*About this exercise*
Write out, exactly and in full, the records given below, but not their pictures.

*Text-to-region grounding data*
-- -- --

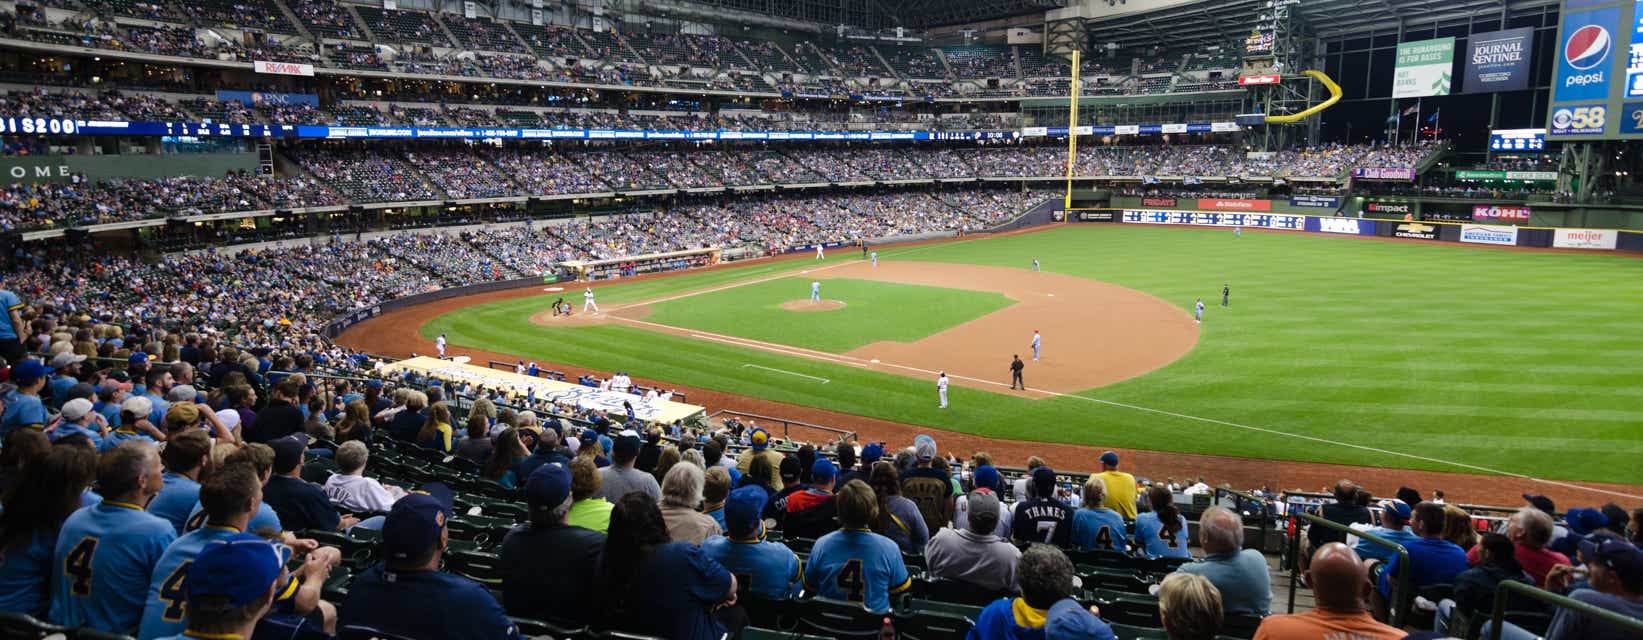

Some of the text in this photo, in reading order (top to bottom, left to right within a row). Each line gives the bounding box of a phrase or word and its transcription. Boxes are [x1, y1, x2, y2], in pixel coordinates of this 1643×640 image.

[1472, 53, 1522, 65] SENTINEL
[1474, 43, 1523, 56] JOURNAL
[1566, 71, 1604, 87] pepsi
[264, 93, 289, 104] PNC
[1571, 106, 1606, 128] 58
[1375, 203, 1409, 213] impact
[1567, 231, 1602, 243] meijer
[1024, 506, 1066, 520] THAMES
[1036, 521, 1058, 543] 7
[1095, 525, 1114, 550] 4
[1157, 522, 1180, 549] 4
[64, 535, 99, 597] 4
[159, 559, 193, 622] 4
[836, 558, 865, 604] 4
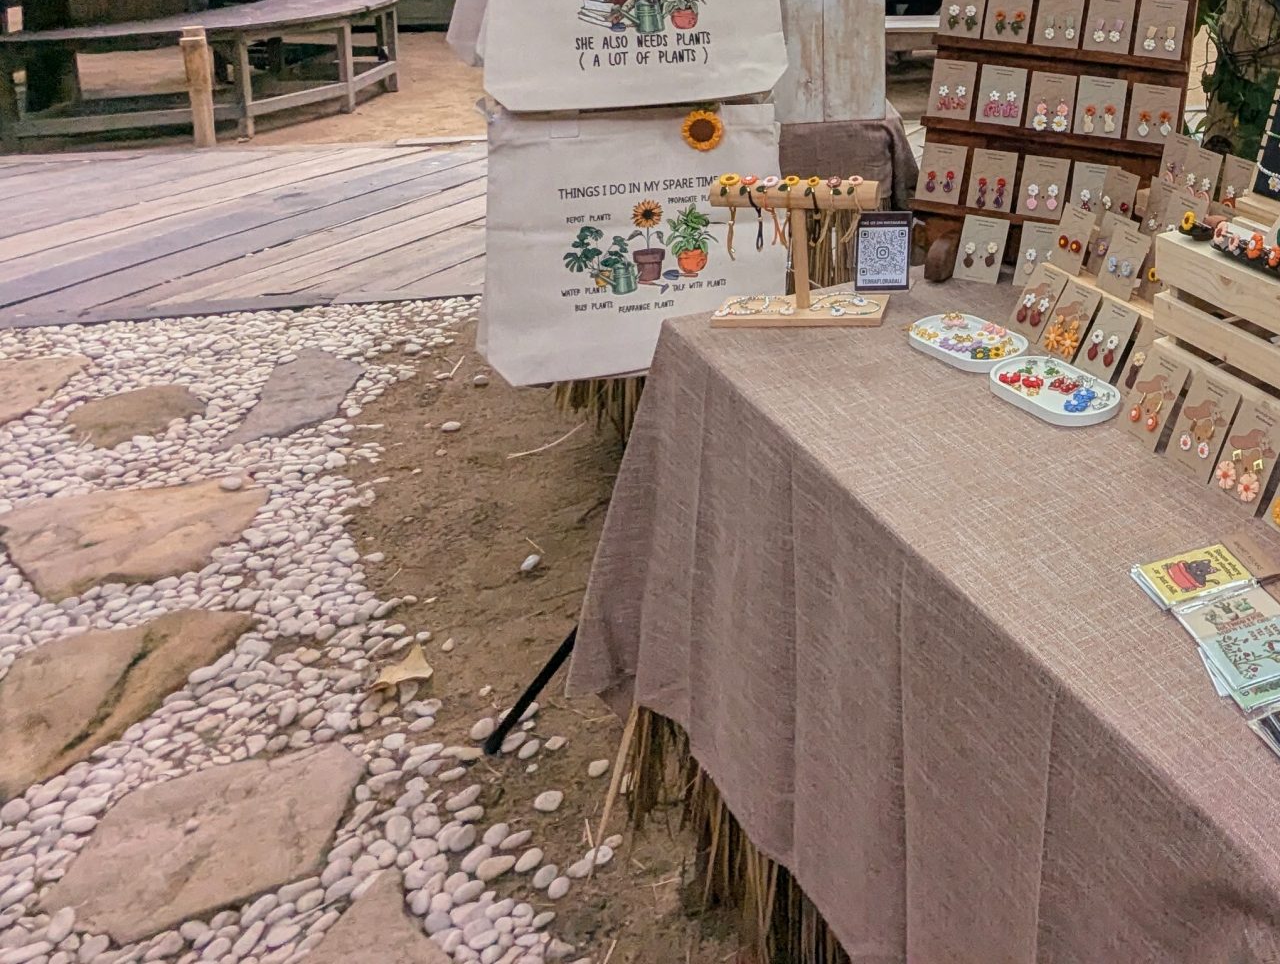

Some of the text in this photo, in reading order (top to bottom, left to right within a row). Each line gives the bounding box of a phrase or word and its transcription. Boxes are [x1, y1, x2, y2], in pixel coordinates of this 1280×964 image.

[575, 31, 711, 50] SHE ALSO NEEDS PLANTS
[593, 48, 696, 67] A LOT OF PLANTS
[558, 187, 600, 199] THINGS
[609, 184, 625, 195] DO
[629, 183, 640, 194] IN
[644, 181, 660, 192] MY
[663, 178, 693, 190] SPARE
[668, 195, 697, 204] PROPAGATE
[566, 213, 611, 223] REPOT PLANTS
[689, 281, 703, 289] WITH
[707, 279, 727, 288] PLANTS
[561, 285, 607, 297] WATER PLANTS
[592, 301, 613, 310] PLANTS
[655, 300, 674, 309] PLANTS
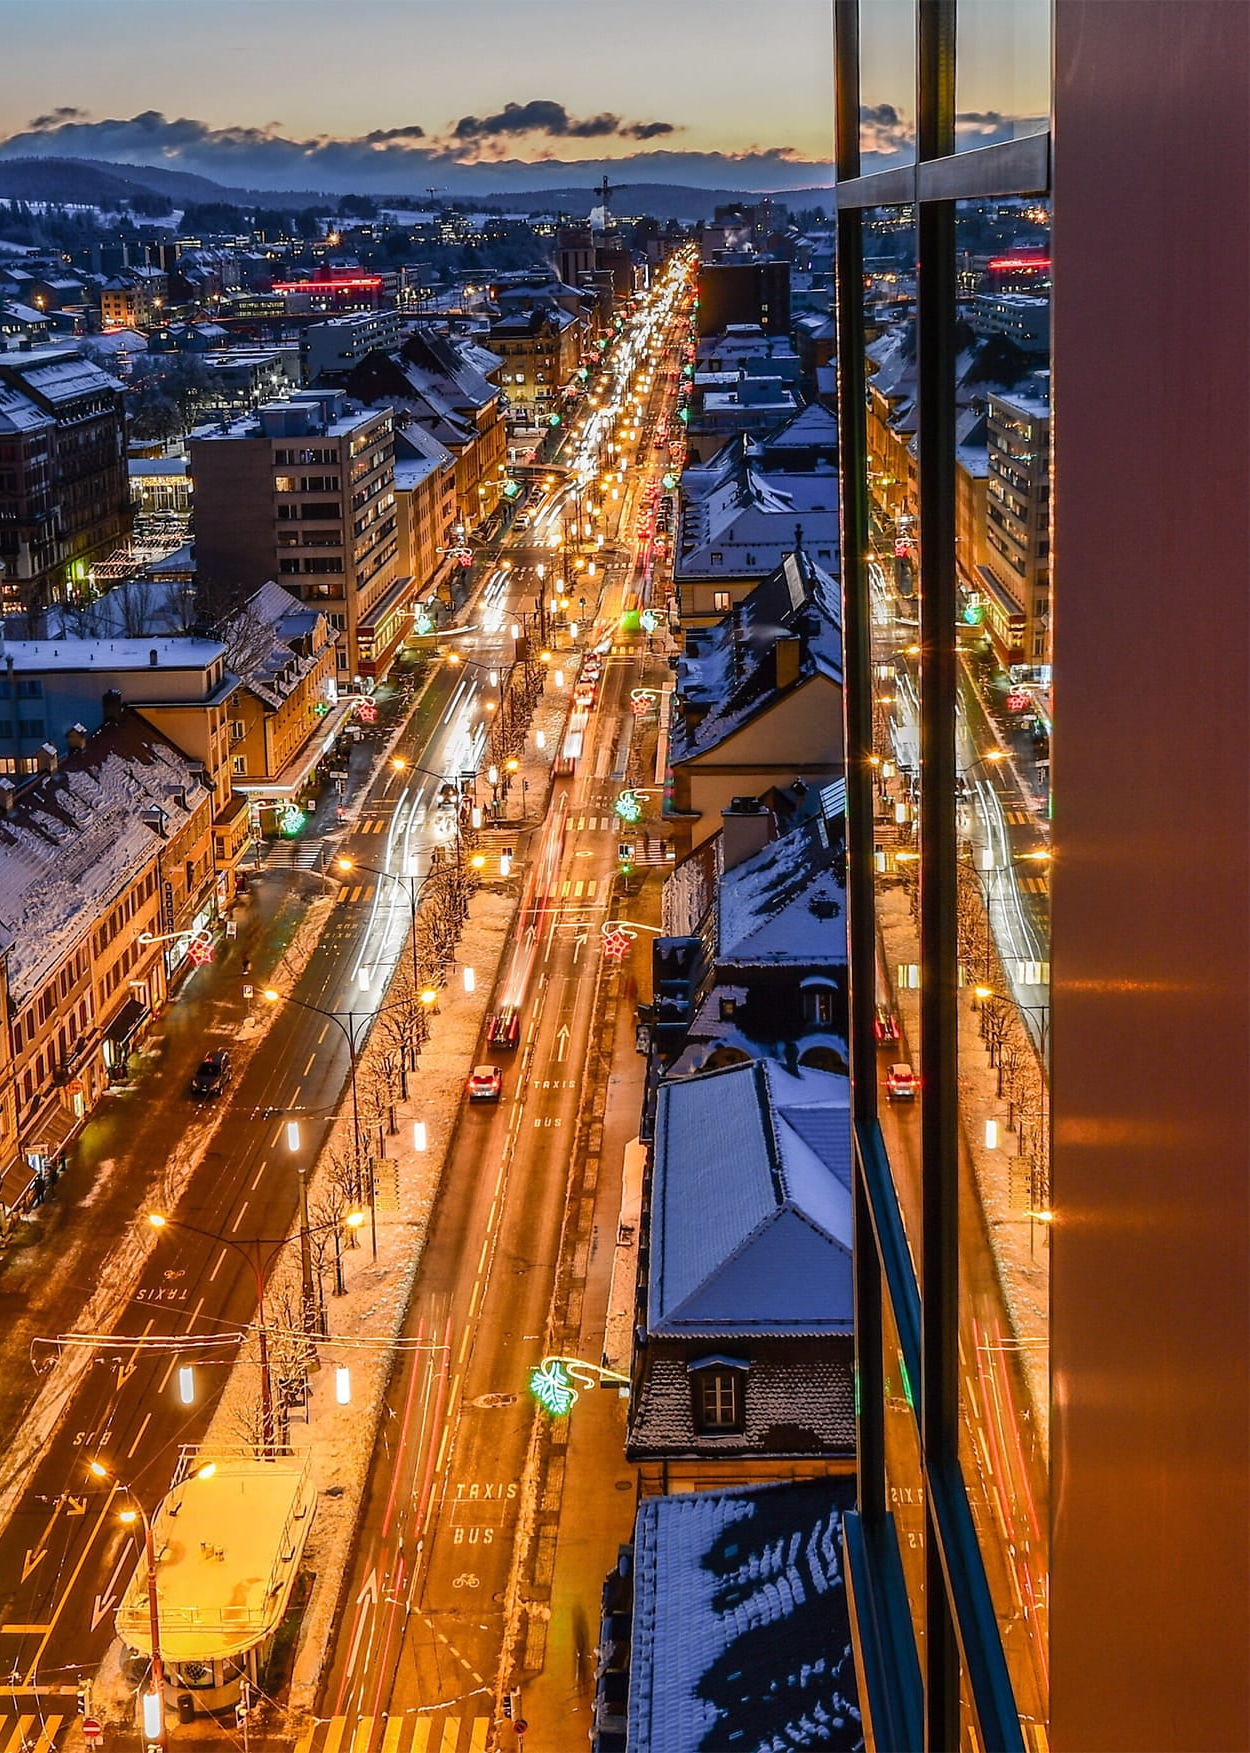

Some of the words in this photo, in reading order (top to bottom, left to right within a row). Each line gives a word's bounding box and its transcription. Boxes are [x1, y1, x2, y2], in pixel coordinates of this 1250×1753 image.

[533, 1080, 576, 1089] TAXIS
[533, 1117, 561, 1128] BUS
[136, 1287, 188, 1300] TAXIS
[456, 1483, 518, 1499] TAXIS
[453, 1527, 494, 1545] BUS
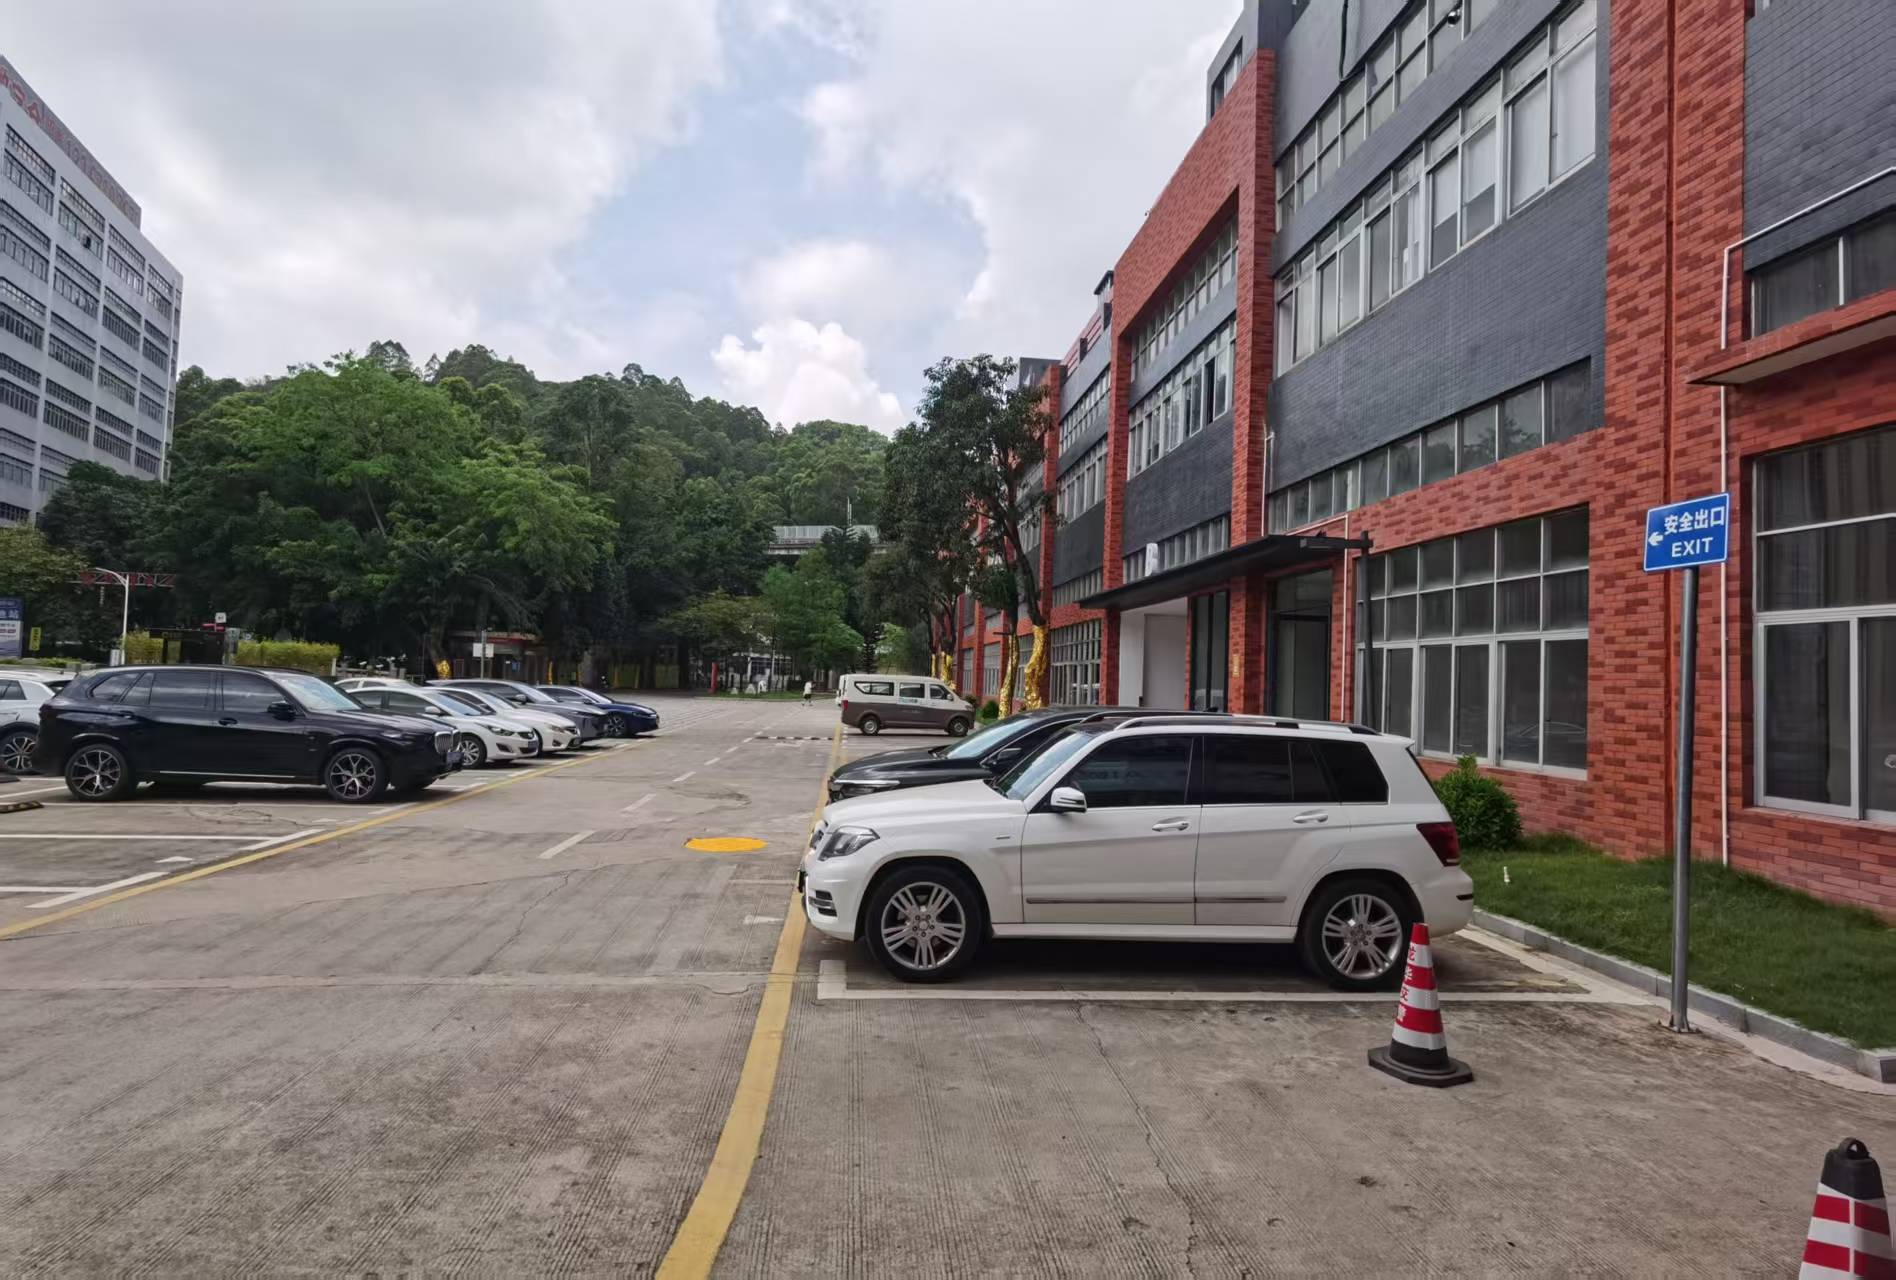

-- -- --

*Task output*
Some of the text in this photo, in reading order (top to bottom, left to right within a row). Each line gives the bounding box of a phrase or word and its transcription. Boxes are [x1, y1, x2, y2], in pixel coordinates of this 1643×640 image.

[1472, 53, 1522, 65] SENTINEL
[1474, 43, 1523, 56] JOURNAL
[1566, 71, 1604, 87] pepsi
[264, 93, 289, 104] PNC
[1571, 106, 1606, 128] 58
[1375, 203, 1409, 213] impact
[1567, 231, 1602, 243] meijer
[1024, 506, 1066, 520] THAMES
[1036, 521, 1058, 543] 7
[1095, 525, 1114, 550] 4
[1157, 522, 1180, 549] 4
[64, 535, 99, 597] 4
[159, 559, 193, 622] 4
[836, 558, 865, 604] 4

Some of the text in this photo, in reading order (top to bottom, left to right within a row). Each line gives the bounding box of a phrase or word and its transcription. Boxes are [x1, y1, x2, y2], in pixel coordinates of this 1280×964 image.

[575, 31, 711, 50] SHE ALSO NEEDS PLANTS
[593, 48, 696, 67] A LOT OF PLANTS
[558, 187, 600, 199] THINGS
[609, 184, 625, 195] DO
[629, 183, 640, 194] IN
[644, 181, 660, 192] MY
[663, 178, 693, 190] SPARE
[668, 195, 697, 204] PROPAGATE
[566, 213, 611, 223] REPOT PLANTS
[689, 281, 703, 289] WITH
[707, 279, 727, 288] PLANTS
[561, 285, 607, 297] WATER PLANTS
[592, 301, 613, 310] PLANTS
[655, 300, 674, 309] PLANTS

Some of the words in this photo, in reading order (top to bottom, left to right within a row). Each line gives a word's bounding box and its transcription. Boxes are [x1, y1, x2, y2], in pixel coordinates of this 1250×1753 image.

[533, 1080, 576, 1089] TAXIS
[533, 1117, 561, 1128] BUS
[136, 1287, 188, 1300] TAXIS
[456, 1483, 518, 1499] TAXIS
[453, 1527, 494, 1545] BUS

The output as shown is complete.